Wednesday 11 April 2007

What's it gonna be?



I'm back! Long time no write, I know. I've been getting ready to go to Poland for Easter and arranging all my other upcoming trips and keeping busy at work, among other things. I've been really missing writing though, so here I am, back and ready to roll.

I've been discussing the future of marriage, monogamy, and birth rates with a few people recently and I think there are some - let's call them interesting for a lack of a better word, trends - going on in the society today. Parts of the new realities are worrying, while others perhaps calling for more tolerance in the social circles.

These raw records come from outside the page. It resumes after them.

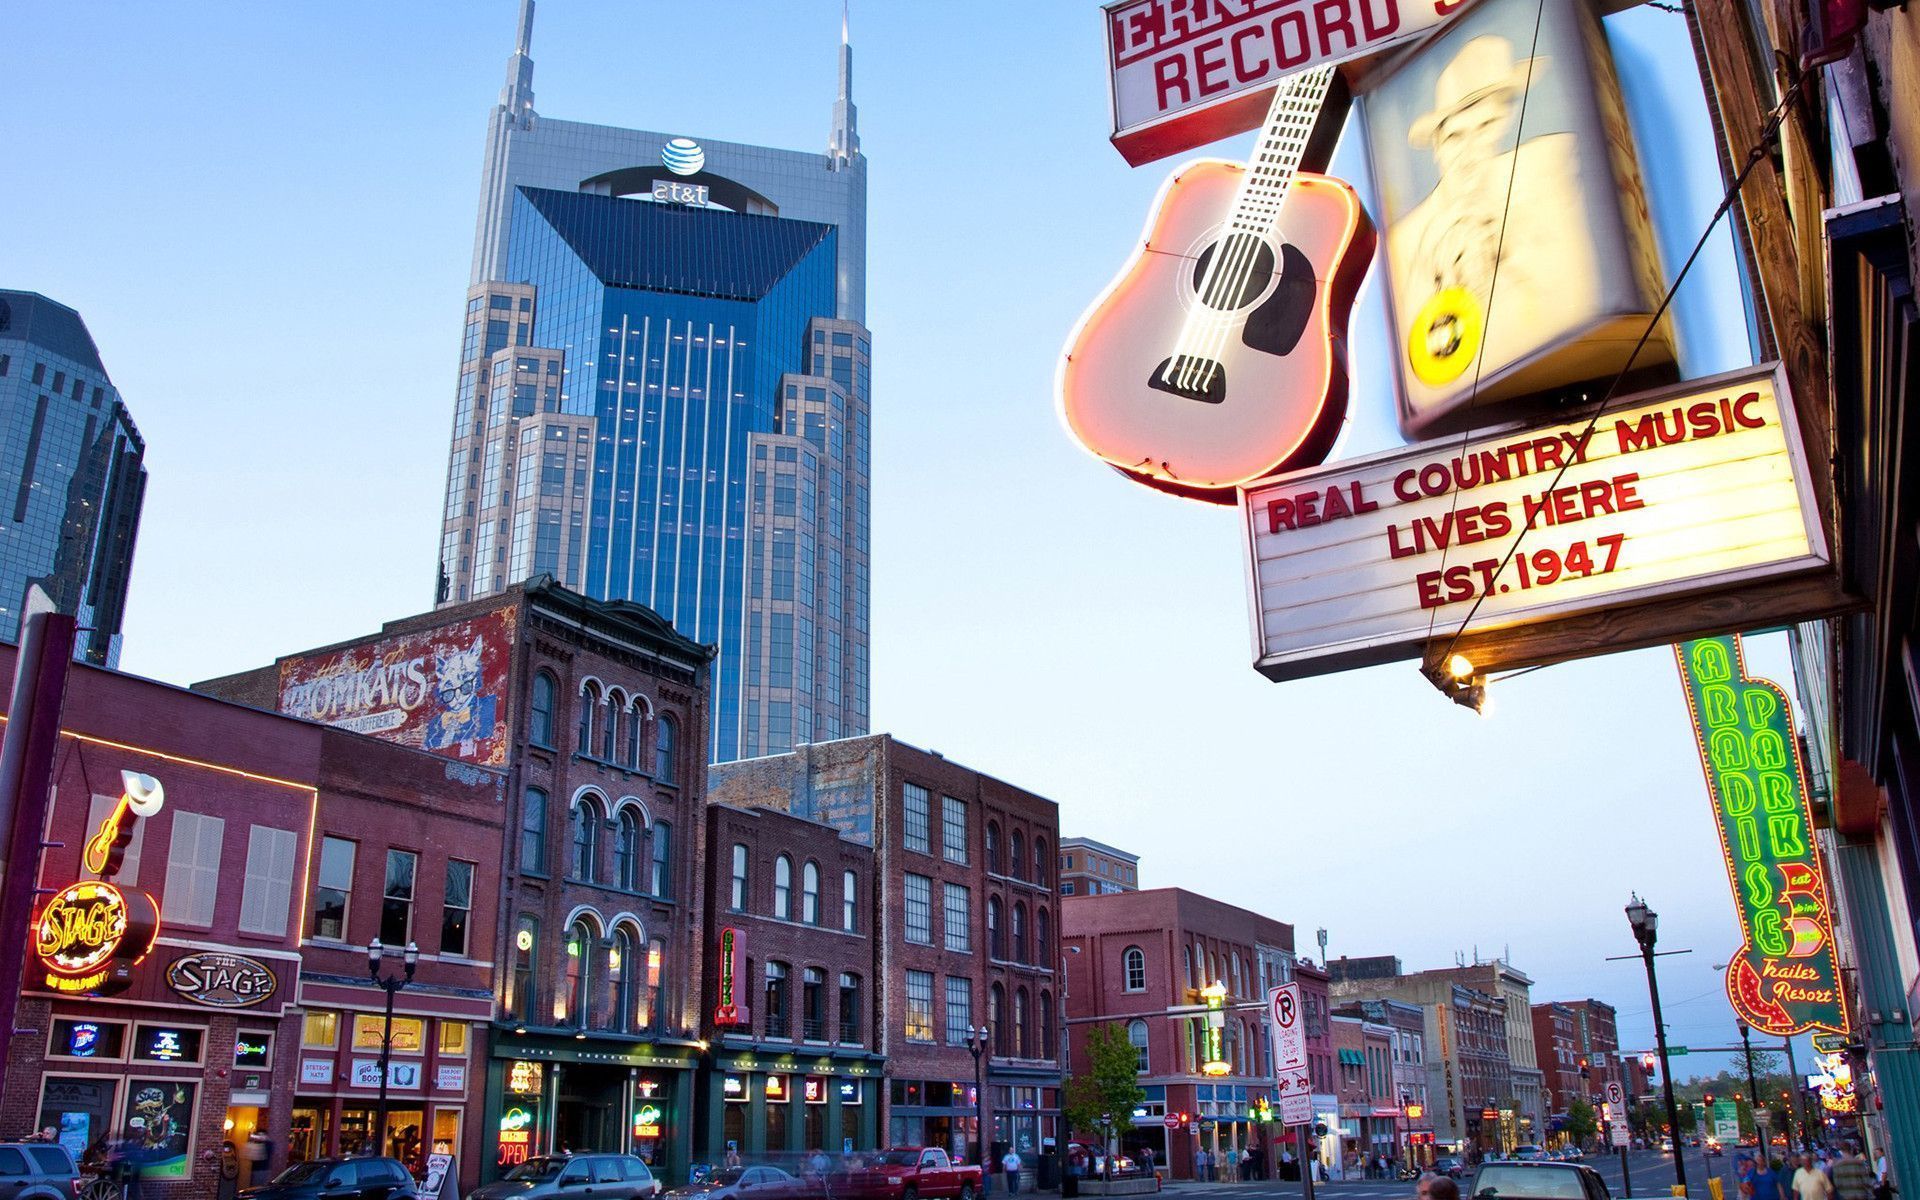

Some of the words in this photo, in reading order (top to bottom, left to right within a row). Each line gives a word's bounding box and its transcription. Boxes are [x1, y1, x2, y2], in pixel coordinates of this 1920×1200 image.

[1154, 0, 1400, 111] RECORD
[653, 182, 707, 205] at&t
[1267, 480, 1378, 534] REAL
[1393, 428, 1595, 503] COUNTRY
[1616, 391, 1767, 454] MUSIC
[1387, 502, 1512, 560] LIVES
[1523, 472, 1647, 531] HERE
[1692, 638, 1788, 957] ARADISE
[1743, 688, 1804, 858] PARK
[38, 898, 124, 956] STAGE
[173, 957, 273, 995] STAGE
[1763, 957, 1821, 981] Trailer
[1773, 981, 1833, 1003] Resort
[362, 1074, 385, 1083] BOOT
[1444, 1059, 1456, 1128] PARKING
[498, 1144, 529, 1165] OPEN

To start with marriage, which is becoming less and less of a popular thing in the West, the rates of divorce and number of couples staying together for all the reasons but the emotional ones show the future of matrimony in a pretty bleak light. People not only get married later, but also get divorced and re-marry more often than ever before. Increasingly more people live together, but do not see marriage as an essential part of their story. They also more and more often decide not to have children, whether married or not.


Western society is becoming more individualistic and in some sense, perhaps more decadent. Women's choice to have children later in life or not to have them at all has become more acceptable in Western societies and given more freedom to women's lives in professional and other ways. This trend is bringing much of a burden to especially Western European societies, which are now faced with a pretty serious birth rate problem. Is there anything we can really do about this though? Are the predictions about the future demographics of Europe really going do reverse the social trends in today's society and suddenly bring all the working women back home to raise babies?

What does marriage have to offer for most young people now that you really can live together and do most things relationship-wise without the need to be married? Civil unions for couples living together and issues such as gay marriage seem to cast yet new questions about how to define marriage, its purpose, and social value. I think the image of marriage will change even more in the coming years. Social acceptance for gay marriage and open relationships will increase in many circles, unless the society's pendulum somehow decides to swing back into conservatism. Maybe the new ways of living in relationships and otherwise will get a neutral light. Maybe just as women's going to work or being openly gay used to be controversial, these things too will find their way to meddle into modern lives?

Just an observation, I suppose.

8 comments:

Anonymous said...

Брак хорошим делом не назовут!
– for those who don’t speak Russian, word "marriage" has 2 meanings.

Oh, Paulina, and you too???
I feel that in my country there are no other problems except demography and reinstatement of church. If I would fag to translate all debates about that - all life will pass away.
Afterwards, the population of the Earth is increasing in total. It’s a rudimentary nationalism - to increase the number of inhabitants by the people of one nation and care for its personal demography. :)

Well, I’ll shortly tell how it’s in Russia.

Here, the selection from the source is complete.